Mama looked away from him and plucked with her left hand at her skirt until Aurora sat beside her, taking the fretful hand.
Dr. Graham came back across the fields for dinner that evening, bringing the schoolmaster, Lewis Ridgeway, with him. ‘He’s all alone,’ the doctor murmured to Elsie. ‘I knew you would not mind.’
While the men were smoking in the garden after dinner, Elsie whispered to Aurora and Mama that Ridgeway had had a disappointment in love. ‘His fiancée left at Christmas—she has taken a school in Weyburn. And nobody knows, my dears, whether she will come back at all—no one is certain why she left. I have heard it said that she was made unhappy.’
Mr. Ridgeway must be to blame if his fiancée skittered off, it seemed. Aurora listened to Mama singing under her breath: ‘Thus sang the poor maiden, her sorrows bewailing …’
‘Lewis can be a little daunting,’ Mabel said quietly. ‘But he is a good friend.’
Out of sympathy with ladies who talked secrets, Aurora played piano behind the gathering—Dr. Graham monopolizing Uncle Chum, with an occasional aside to Mabel; Elsie and Mama drowsing in their chairs.
Mr. Ridgeway seemed to attend to Dr. Graham’s conversation, but when Mabel brought in the tea tray he came to the piano as Aurora played the final quiet chords of a Field nocturne. He leaned down to say, ‘I can’t recall when I’ve enjoyed an evening more, Mrs. Mayhew. I like to listen to you.’

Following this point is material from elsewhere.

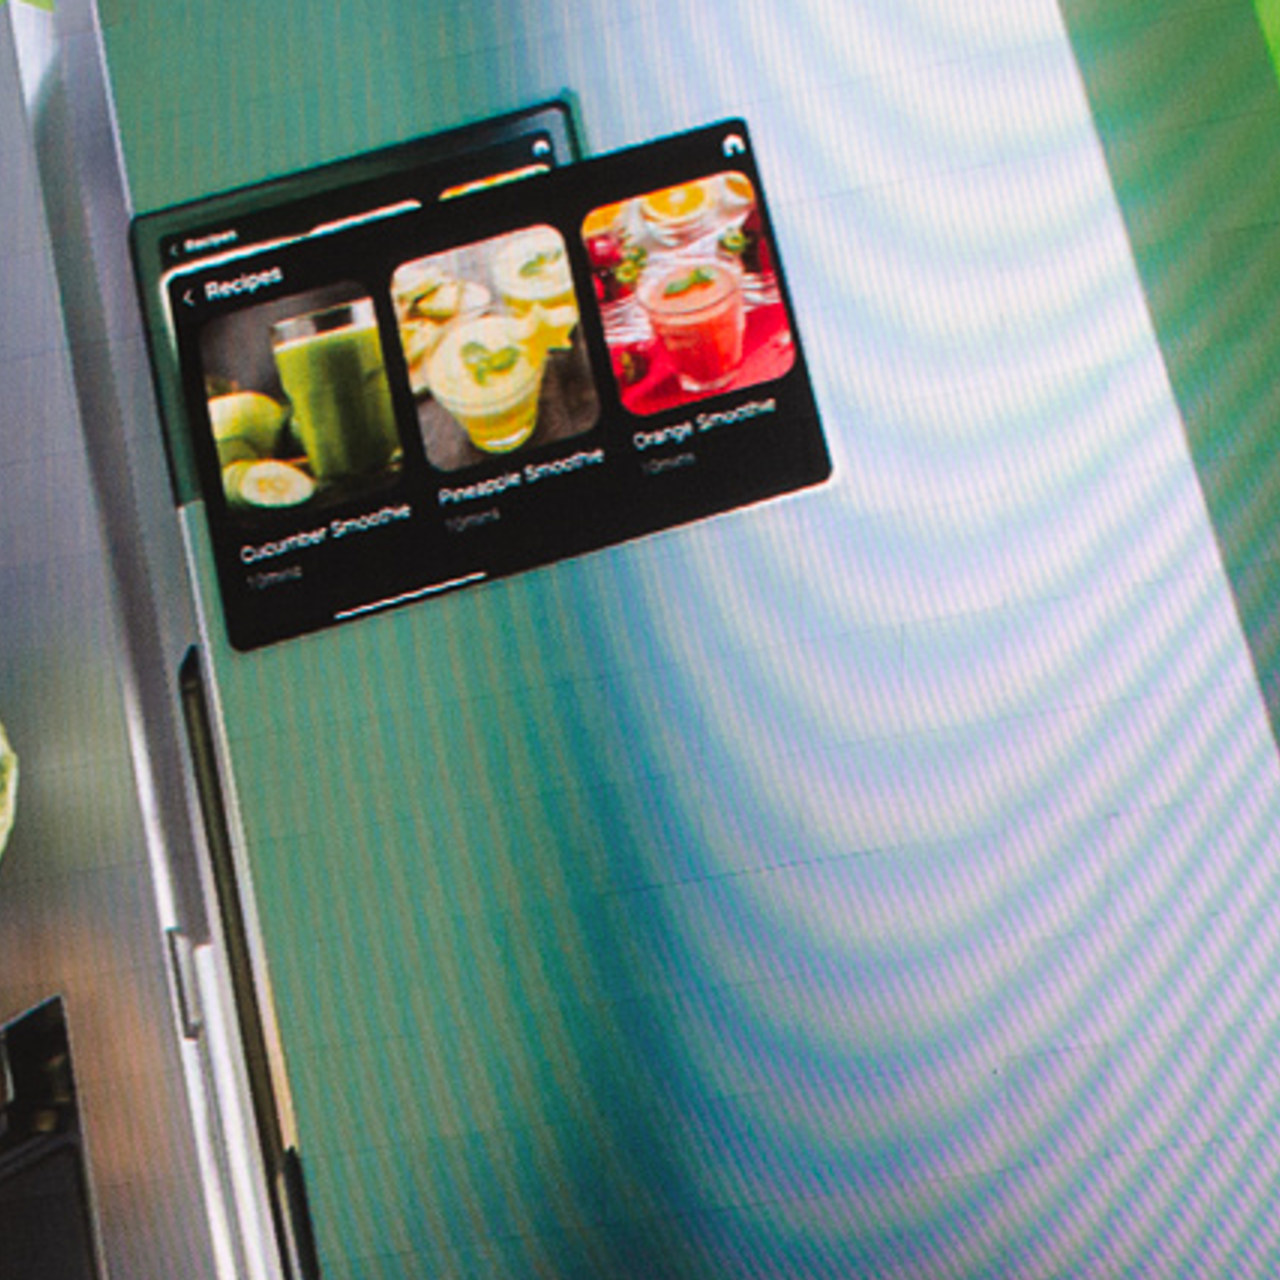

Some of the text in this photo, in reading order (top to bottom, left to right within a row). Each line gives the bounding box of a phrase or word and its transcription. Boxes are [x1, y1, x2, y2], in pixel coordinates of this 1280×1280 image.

[204, 266, 283, 300] Recipes
[633, 398, 777, 450] Orange Smoothie
[437, 448, 605, 506] Pineapple Smoothie
[240, 503, 412, 564] Cucumber Smoothie

She looked up, one arm stretched in the lamplight to close the book. ‘I wish you could have heard my mother, before—Sh
e plays far better than I do.’
‘My musical understanding cannot reach to anything better than your playing.’
Made self-conscious, Aurora straightened the edges of the music.

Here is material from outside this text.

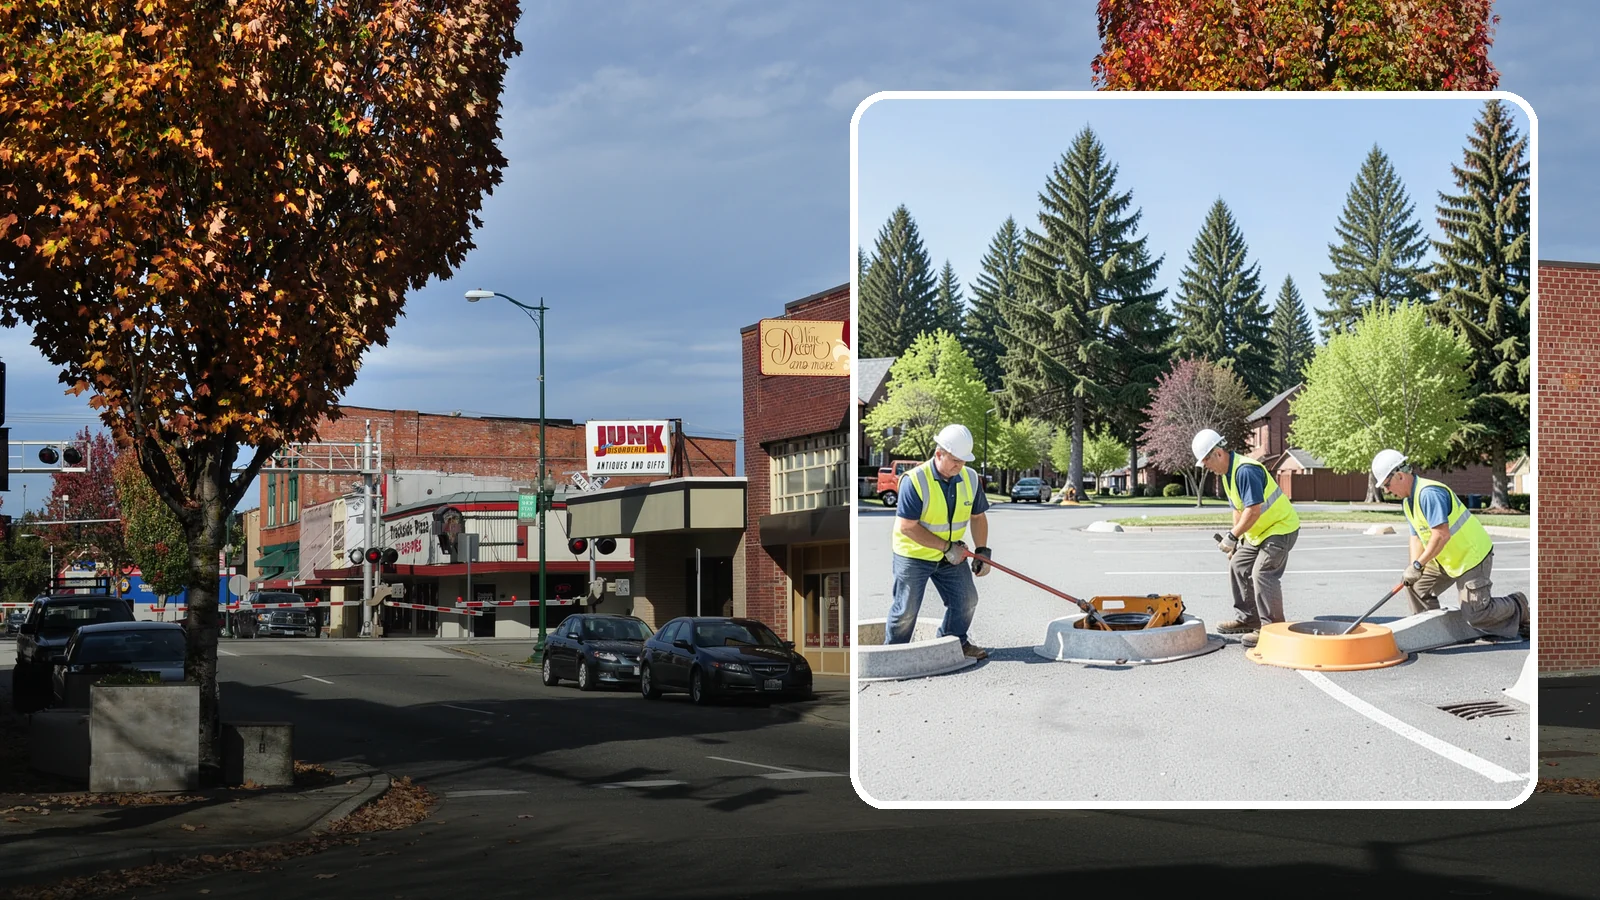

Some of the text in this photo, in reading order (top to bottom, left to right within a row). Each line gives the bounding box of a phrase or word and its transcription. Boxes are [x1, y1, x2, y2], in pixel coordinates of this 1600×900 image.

‘Perhaps next term I could persuade you to play for my students?’
‘Certainly,’ she said. ‘If you would like me to. But perhaps my mother’s health will improve under Dr. Graham’s care, and you may yet hear her play.’
He nodded, allowing this as a serious possibility, then said, ‘I’m sorry to have missed the little boy this evening. He is very bonny.’
She smiled up at Mr. Ridgeway. She liked him, she decided, for his kindness to Mabel and his half-concealed unhappiness.
The Candy Habit
‘Pantages has taken a fancy to her,’ East told Verrall as they ran up the iron flights of stairs to their dressing room, Bella following like a puppy on a leash. ‘And Julius—’
‘A good name, but some nights you can’t get him onstage,’ Verrall said.
‘If we’ve got her, we’re flexible,’ East said. ‘If he’s good, we do the old hotel routine. If not, we do the golf.’ East opened the door to their dressing room and bowed her in.
Julius was in the armchair, a glass in hand. He looked up. ‘Ahh, my boys. And.’ He stared at Bella. ‘Oh no, no. No, no … I’ve had one or two over the eight, my dear,’ he said. ‘Can’t fulfill my—can’t manage—take her away, boys, don’t tempt me.’
Verrall blushed brilliantly and begged Bella to take no notice, but she found it horrible that Julius mistook her for a floozy. He’d never mistake Clover or Aurora that way, she’d bet.